La formazione musicale per un mondo migliore7 min read

di Michele Puccini

El Sistema” è un progetto didattico legato alla musica che, in collaborazione con il governo venezuelano, negli anni settanta si propone di aiutare i giovani che vivono nei quartieri più poveri del Paese a sviluppare la loro personalità e a diventare cittadini responsabili offrendo loro opportunità ricreative, sociali ed educative. Il modello venne elaborato da José Antonio Abreu, morto nel 2018.

Ex politico, educatore, musicista, economista e pedagogista, Abreu ha lottato a lungo per combattere fenomeni come la criminalità organizzata e la dipendenza da droghe a livello giovanile nella Nazione, infatti molti ragazzi ed adolescenti, a causa della terribile crisi economica che da anni grava sullo Stato, si sono trovati costretti a stare in un altro tipo di “Sistema”, dove lo spaccio, le attività a stampo mafioso e il commercio di persone sono la normalità.

La Fundación del Estado para el Sistema Nacional de las Orquestas Juveniles e Infantiles de Venezuela è l’organo che si occupa di gestire “El Sistema” e lo ha definito come “un progetto che mira ad organizzare sistematicamente l’educazione musicale ed a promuovere la pratica collettiva della musica attraverso orchestre sinfoniche e cori, come mezzo di organizzazione e sviluppo della comunità”.

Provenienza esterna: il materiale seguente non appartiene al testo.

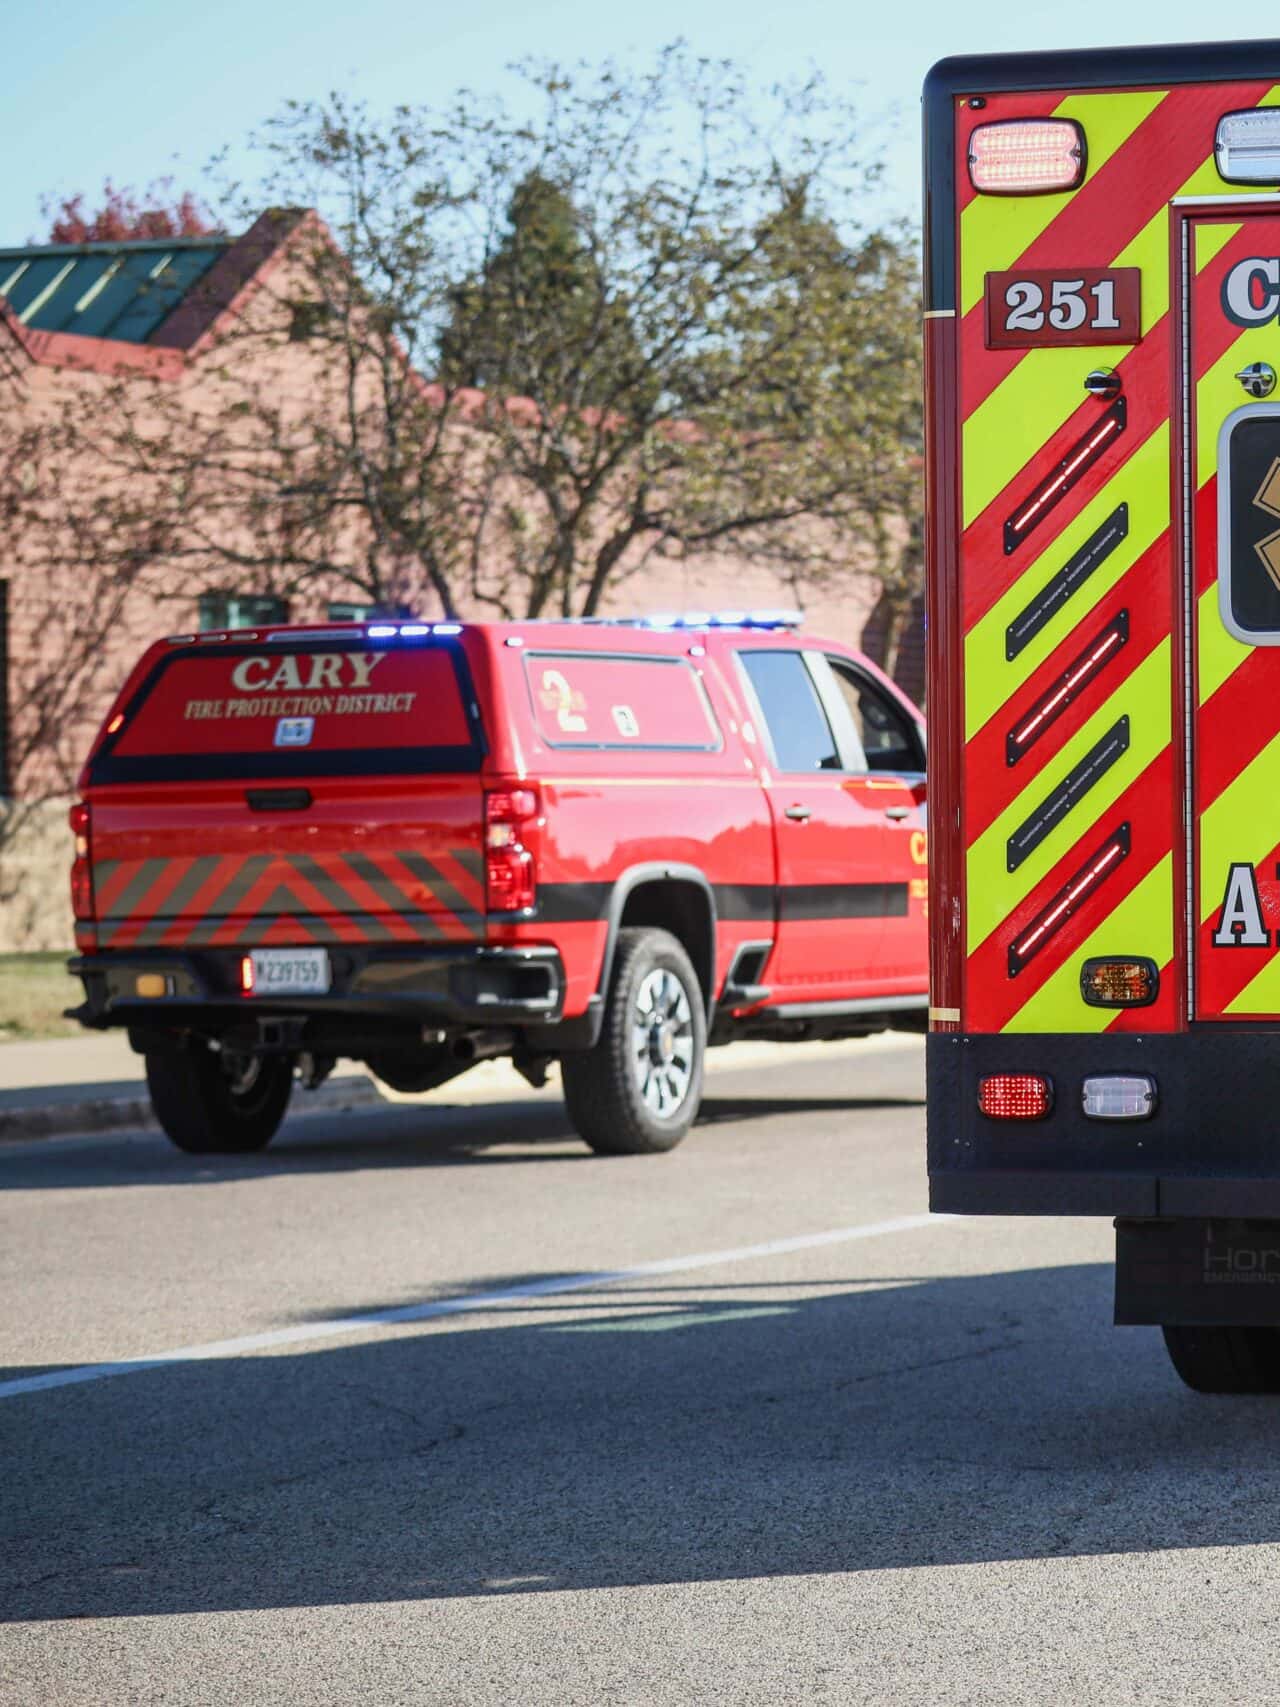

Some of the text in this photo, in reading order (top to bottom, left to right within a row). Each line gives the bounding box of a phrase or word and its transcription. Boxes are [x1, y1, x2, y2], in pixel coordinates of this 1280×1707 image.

[1004, 279, 1121, 331] 251
[232, 652, 387, 691] CARY
[185, 692, 416, 720] FIRE PROTECTION DISTRICT
[543, 670, 588, 732] 2

L’opportunità di vedere il documentario dovrebbe essere apprezzata da tutti e permette di riflettere su molti temi. In primo luogo fa osservare e capire come la musica possa aiutare nel diventare cittadini attivi attraverso un’adeguata formazione musicale e culturale.

Fin dall’Antica Grecia, già con Pitagora, la musica veniva strettamente collegata con altre discipline come la matematica e l’astronomia, in quanto ogni astro seguiva movimenti regolari con determinate frequenze. Anche i suoni avevano frequenze matematiche e per Pitagora quindi affermare che gli astri, muovendosi, producevano un suono e che queste tre discipline fossero in perfetta armonia tra loro era corretto.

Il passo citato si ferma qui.